JOURNAL OF SUPERCOMPUTING, cilt.80, sa.17, ss.25155-25187, 2024 (SCI-Expanded) identifier identifier

  • Yayın Türü: Makale / Tam Makale
  • Cilt numarası: 80 Sayı: 17
  • Basım Tarihi: 2024
  • Doi Numarası: 10.1007/s11227-024-06405-1
  • Dergi Adı: JOURNAL OF SUPERCOMPUTING
  • Derginin Tarandığı İndeksler: Science Citation Index Expanded (SCI-EXPANDED), Scopus, Academic Search Premier, Applied Science & Technology Source, Compendex, Computer & Applied Sciences, INSPEC, zbMATH
  • Sayfa Sayıları: ss.25155-25187
  • Anahtar Kelimeler: Biomedical image processing, Deep learning, Inception, White blood cells, Xception
  • Kocaeli Üniversitesi Adresli: Evet

Özet

White blood cells (WBCs) are crucial microscopic defenders of the human immune system in combating transmittable conditions triggered by germs, infections, and various other human pathogens. Timely and appropriate WBC detection and classification are decisive for comprehending the immune system's standing and its feedback to various pathologies, assisting in diagnosing and monitoring illness. Nevertheless, the manual classification of WBCs is strenuous, extensive, and prone to errors, while automated approaches can be cost-prohibitive. Within artificial intelligence, deep learning (DL) approaches have become an appealing option for automating WBC recognition.

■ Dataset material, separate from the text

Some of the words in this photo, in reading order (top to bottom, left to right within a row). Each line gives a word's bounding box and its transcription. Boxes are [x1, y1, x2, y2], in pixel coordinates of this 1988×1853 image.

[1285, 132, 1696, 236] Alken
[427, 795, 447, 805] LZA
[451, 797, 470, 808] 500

The existing DL techniques for WBC classification face several limitations and computational difficulties, such as overfitting, limited scalability, and design complexity, often battling with function variety in WBC images and requiring considerable computational resources. This research study recommends an ingenious hybrid inception-xception Convolutional Semantic network (CNN) designed to deal with constraints in existing DL versions. The proposed network incorporates inception and depth-separable convolution layers to successfully catch attributes across many ranges, therefore minimizing concerns related to model complexity and overfitting. In contrast to traditional CNN designs, the proposed network lessens the layers made use of and increases their function removal capacities, hence enhancing the performance of WBC classification, which needs a wide variety of attribute abilities. Furthermore, the proposed model was trained, validated and tested on three popular and widely recognized datasets, namely, Leukocyte Images for Segmentation and Classification (LISC), Blood Cell Count and Detection (BCCD), and Microscopic PBS (PBS-HCB), where it demonstrates the generalization and robustness and superiority of our proposed model. The model depicted an outstanding average accuracy rate of 99.25%, 99.65%, and 98.6% on a five-fold cross-validation test for the respective datasets, surpassing existing models as detailed. The model's robustness and superior performance, validated across diverse datasets, underscore its potential as an advanced tool for accurate and efficient WBC classification in medical diagnostics.